Speaking on the occasion of the signing, Vice President for Global Relations, Professor Juliette Hussey said: “This exciting collaboration will cement the already excellent relationship between Trinity and Fudan and will expand it into new areas. It will facilitate meaningful opportunities for student and staff exchanges between both universities, along with nurturing a distinct collaborative focus on world-class Humanities research.”
The partnership marks a key step in a series of recent strategic initiatives between Trinity and China over the past year, including the launch of Trinity’s online presence in China, and the announcement of a new Trinity Global Scholarship for China, along with a new M.Phil in Chinese Studies as part of Trinity’s newly opened Trinity Centre for Asian Studies. The partnership with Fudan reflects Trinity’s commitment to deeper engagement with China, building on the existing links and complementary strengths of the partners, to provide educational programmes and opportunities for students and staff of both institutions.

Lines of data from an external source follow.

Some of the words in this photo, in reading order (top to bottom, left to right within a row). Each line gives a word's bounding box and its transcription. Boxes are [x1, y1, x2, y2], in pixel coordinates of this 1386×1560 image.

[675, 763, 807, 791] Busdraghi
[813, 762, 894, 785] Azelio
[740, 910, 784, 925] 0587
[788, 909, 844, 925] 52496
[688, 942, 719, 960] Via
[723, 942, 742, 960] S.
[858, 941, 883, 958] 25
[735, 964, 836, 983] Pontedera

Professor Xu Ning-sheng, President of Fudan University, also witnessed the signing of the agreements, and said: “Fudan attaches great importance to the strategic partnership relation with Trinity College Dublin and we see a great potential in the cooperation with TCD in arts and humanities research on the platform of FDDI and ICSCC.”
The Director of The Trinity Long Room Hub, Professor Juergen Barkhoff, commented: “This new cooperation between our two research institutes will contribute decisively to better mutual understanding of the rapid transformations that affect our societies and will thus make a very valuable and innovative contribution to our research theme ‘Identities in Transformation’. As a central part of this collaboration, our new Trinity Centre for Asian Studies will work specifically with the Fudan International Centre for Studies of Chinese Civilisation.

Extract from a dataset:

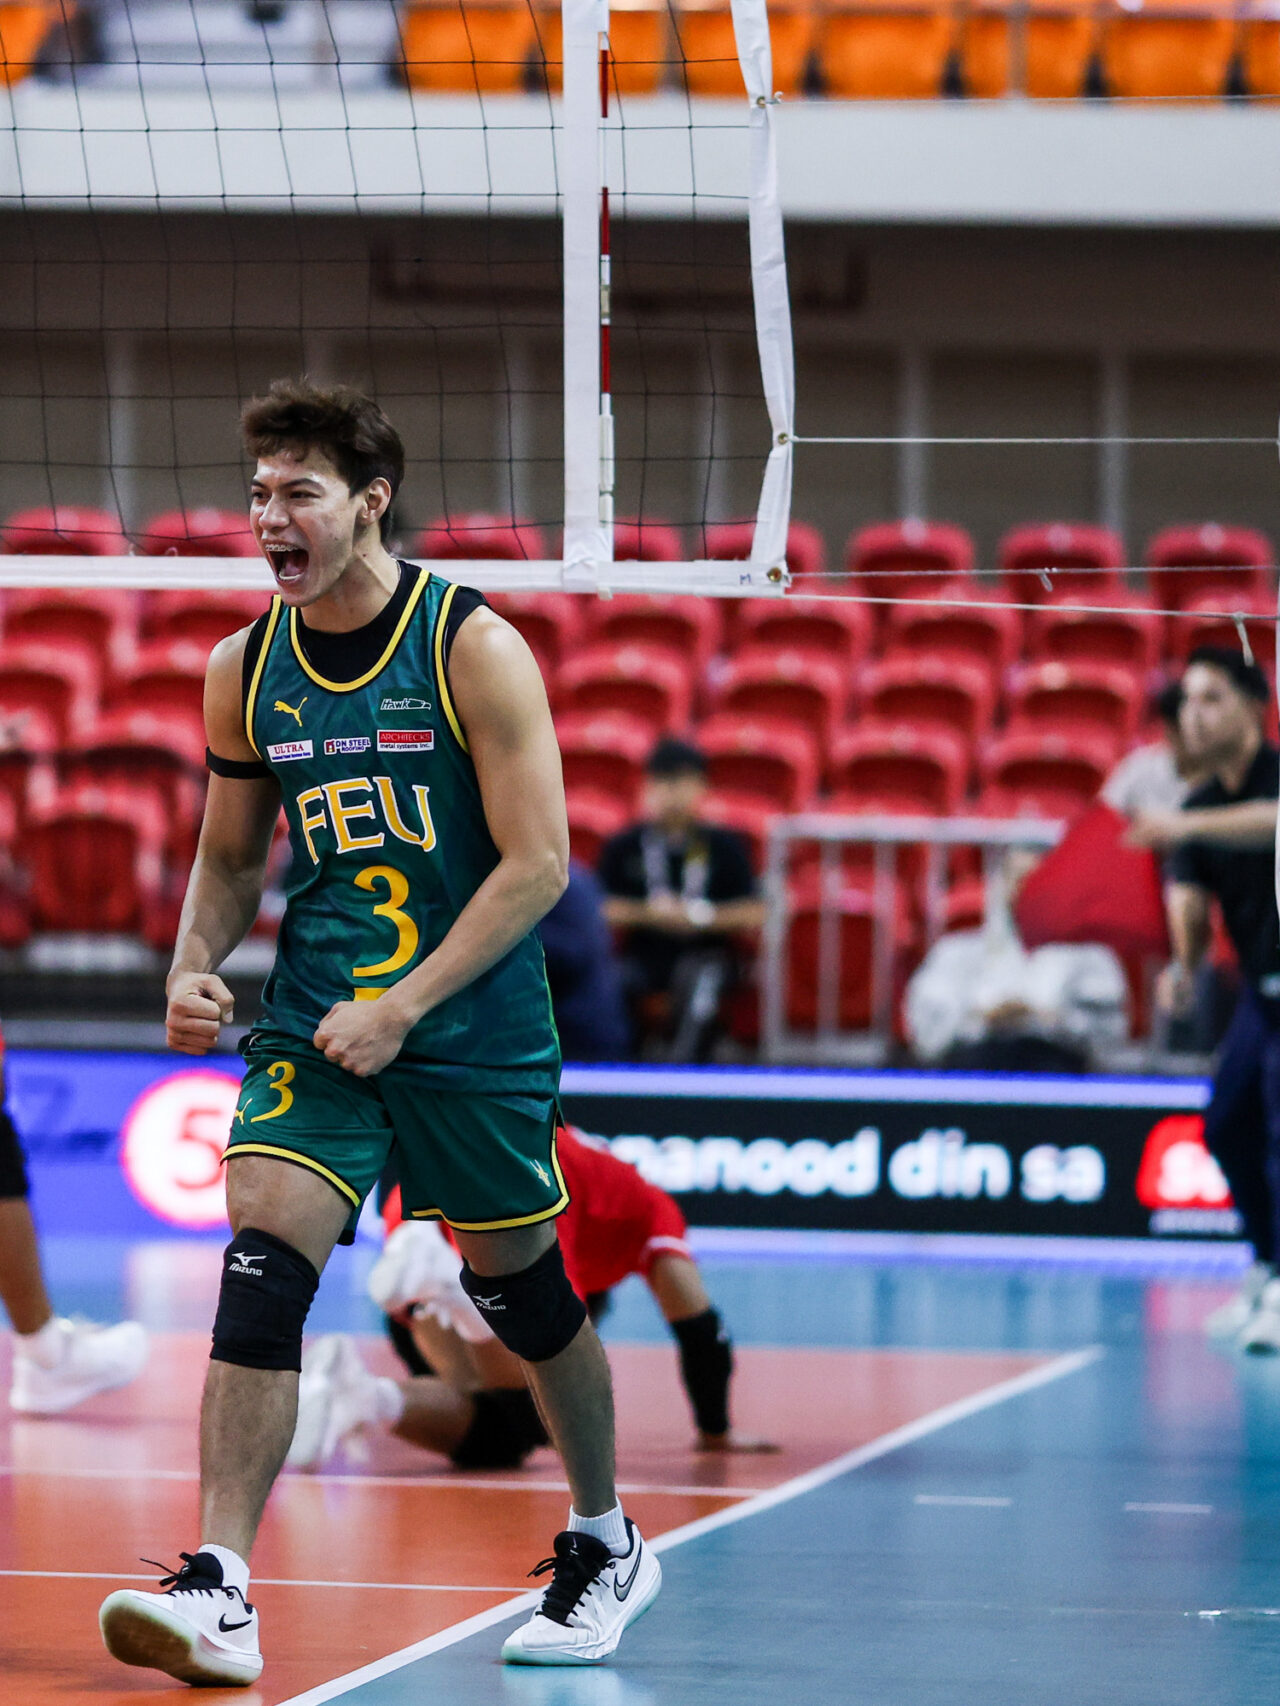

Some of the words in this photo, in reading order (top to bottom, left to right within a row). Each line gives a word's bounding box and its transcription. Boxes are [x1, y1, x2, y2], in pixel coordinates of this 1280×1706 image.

Last year President Michael D. Higgins launched the new research theme, ‘Identities in Transformation’, a research priority theme for the Trinity Long Room Hub Arts and Humanities Research Institute. It involves a multi-faceted exploration of the memories and stories that contribute to a sense of identity especially where these are contested memories. The results of this research will be most valuable for the discussions about the future of society.

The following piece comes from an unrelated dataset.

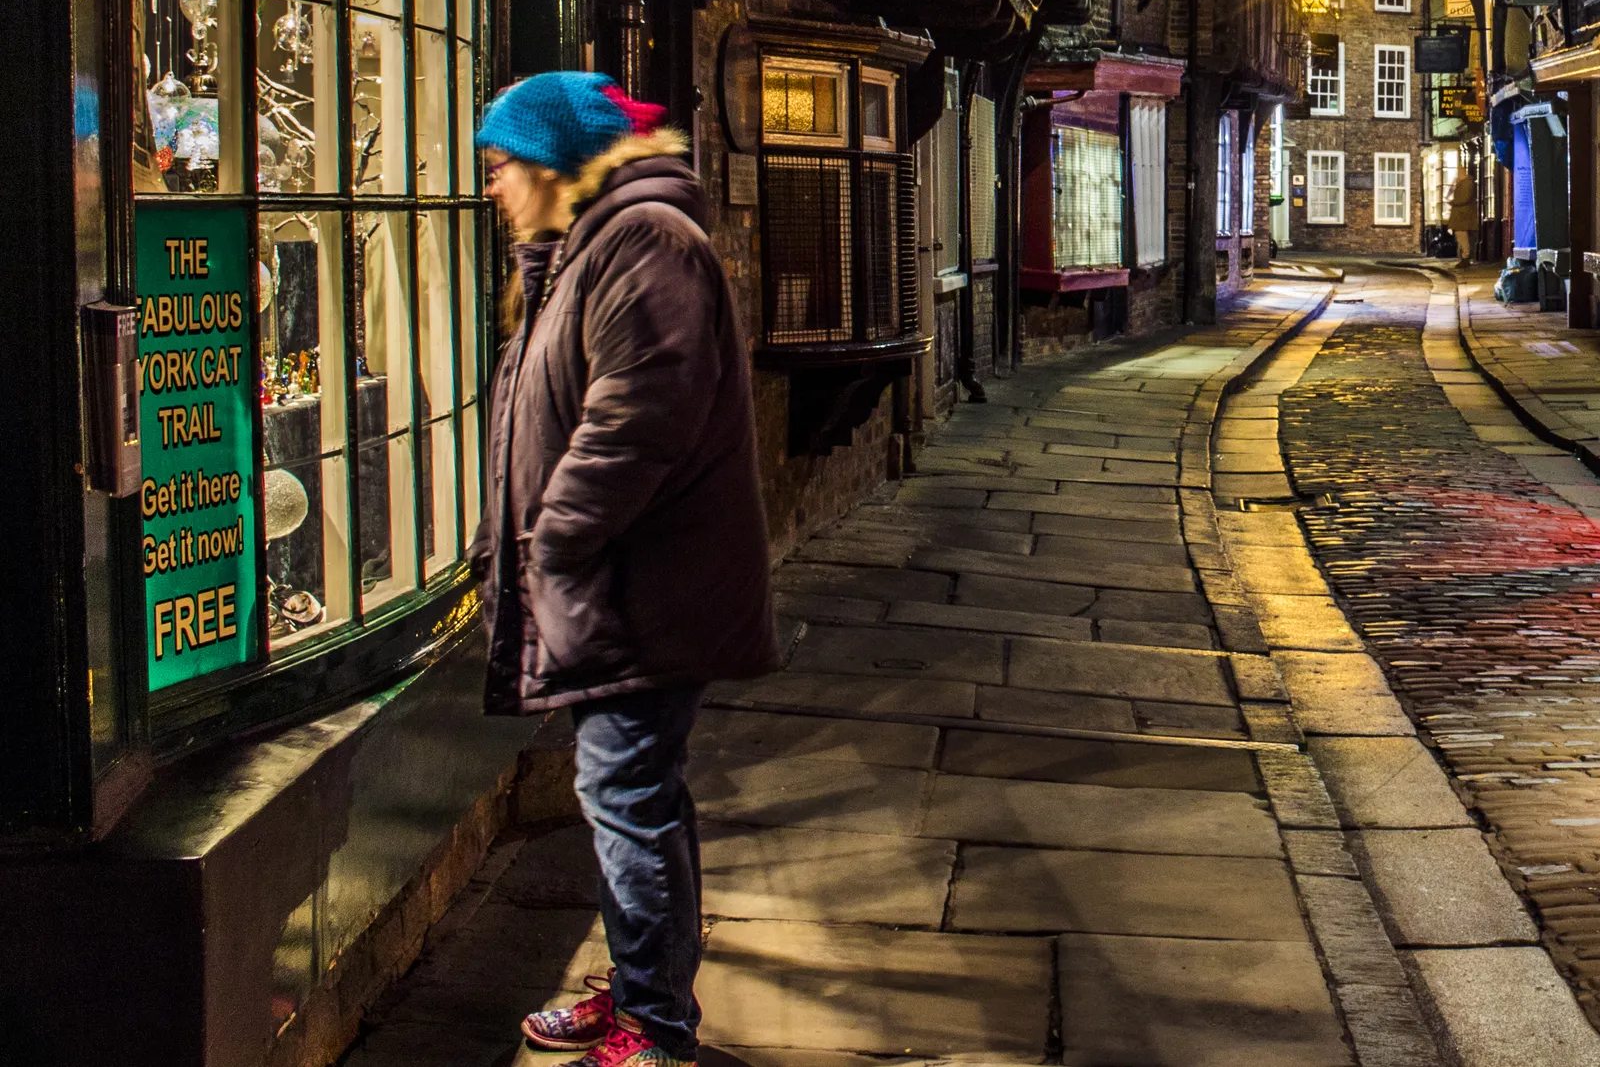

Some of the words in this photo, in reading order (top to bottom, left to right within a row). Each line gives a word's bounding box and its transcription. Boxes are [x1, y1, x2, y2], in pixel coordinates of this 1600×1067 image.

Over 70 researchers and their postgraduate research students across 10 of the 24 Schools in Trinity are actively involved in this research theme. They represent and bring together fields as varied as History, Classics, Art History, Music, Drama and Film Studies, English and Irish Studies, Literary and Cultural Studies, Linguistics, Philosophy, Health Sciences, Theology, Peace Studies, Gender Studies, Sociology, Psychology and Neuroscience.
Notes to Editor:
Trinity College Dublin’s Links with China
Trinity College Dublin has a longstanding relationship with China which dates to the Mission to the Far East and the establishment of Trinity College Fuzhou. The Dublin University Far Eastern Mission (founded in 1886) established Trinity College Fuzhou in 1907, now the Fuzhou Foreign Language School. Later, Trinity was one of the first universities in the European Union to welcome Chinese students to its campus, with students from Beijing and Nanjing studying in the late 1970s and early 1980s. Today, engagement with China forms a core part of the university’s international strategy, and fourteen partnerships have been formed with key Chinese HEIs in the last number of years, and a Trinity Office in Shanghai has been opened. Numbers of Chinese students coming to Trinity continue to increase, and are encouraged by a diverse and rewarding student experience, which includes the support of a vibrant Chinese Society. Additionally, Trinity academics across a number of disciplines are engaged in academic collaborations with their Chinese counterparts to meet some of the major global challenges of the coming years in terms of healthcare, sustainable provision of food and water, urban planning and technology.
Trinity College Dublin’s Links with Fudan
Links between Trinity and Fudan include academic relationships across disciplines in the Humanities, Social Sciences and Sciences. The Trinity and Fudan Law Schools have had a relationship which resulted in many Fudan students taking Masters level programmes at Trinity. Trinity graduate Dr. Miles Link, is currently a lecturer in English at the College of Foreign Languages and Literatures at Fudan.